Thankfully, Quartz provides a simple Java API, written entirely in Java, that allows you to schedule, monitor, and execute these jobs directly from your upstream application.
Notable Features
- The ability to run in different runtime environments like application servers, servlet containers, clusters of standalone programs, etc.
- The ability to schedule tasks for a specific time or at a specific time interval. You can also configure tasks not to run at a specific time.
- Allows you to organize triggers as groups in the scheduler.
- Allows you to associate multiple jobs with the same trigger.
- Includes event handlers to demarcate start and finish points of a triggered job.
- Allows for configuration to automatically re-trigger a job if it fails.
- Allows you to configure jobs to participate in JTA transactions.
- Allows you to store jobs and triggers in a database, file, or cache them in memory.
- Supports fail-over and load balancing.
- Provides listener support to monitor scheduled jobs from any application.
Installation and Configuration
Quartz is a Java API and thus, can be used in J2SE and J2EE projects directly as an application module. To begin, just include the required .jar files into the project's classpath and you are ready to go. All the required .jar files come with the Quartz distribution download (check the lib folder of the distribution). The bare minimum .jar files required to run Quartz are Quartz.jar and commons-logging.jar. The other files included in the download are supporting libraries supporting additional functions.

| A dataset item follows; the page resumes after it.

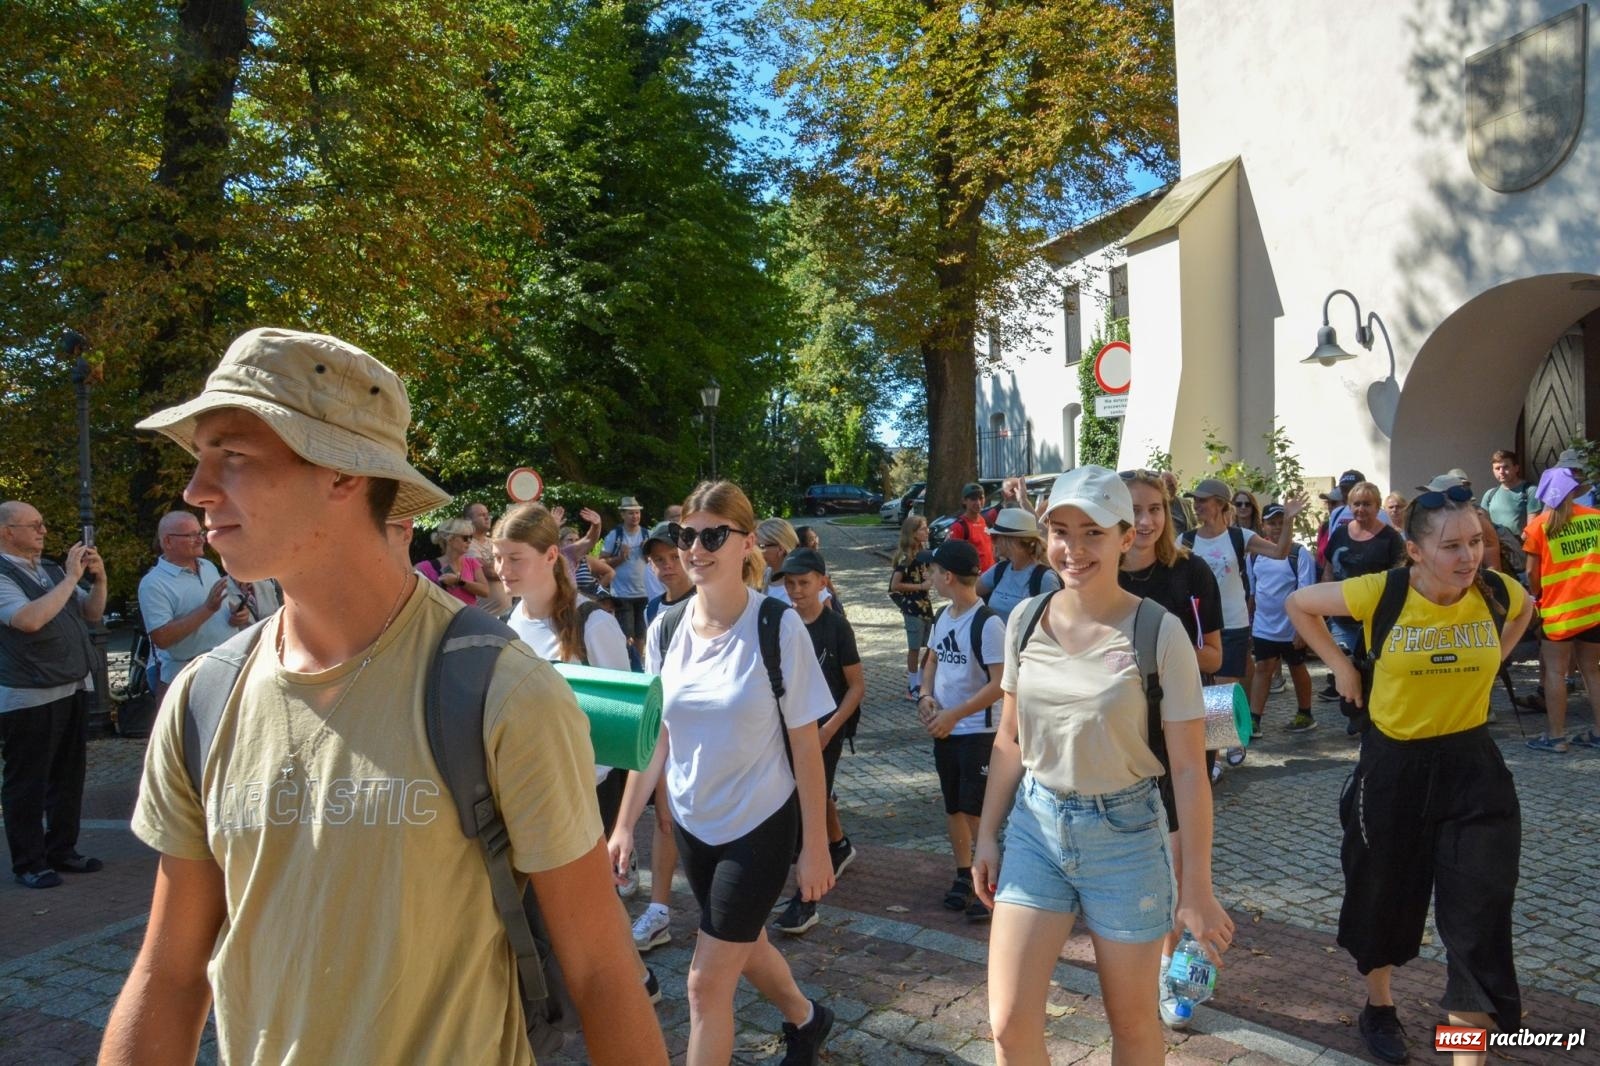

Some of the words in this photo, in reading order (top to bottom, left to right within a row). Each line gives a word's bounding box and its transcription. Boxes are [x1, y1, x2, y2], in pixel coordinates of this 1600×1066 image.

[1389, 620, 1498, 653] PHOENIX
[936, 649, 967, 665] didas
[209, 777, 440, 831] ARCASTIC

Quartz is highly configurable: it allows you to modify the properties of the Scheduler using properties file. The Scheduler first looks for a quartz.properties file in the current directory or any folder in the classpath. If it finds one, it starts up with the properties specified in the properties file. Otherwise, it uses the default quartz.properties file. The quartz.properties file allows you to configure which default Scheduler will be used, the number of threads the Scheduler can start, properties about jobs, properties about triggers, information about JobStores, the priority of the threads being instantiated, etc.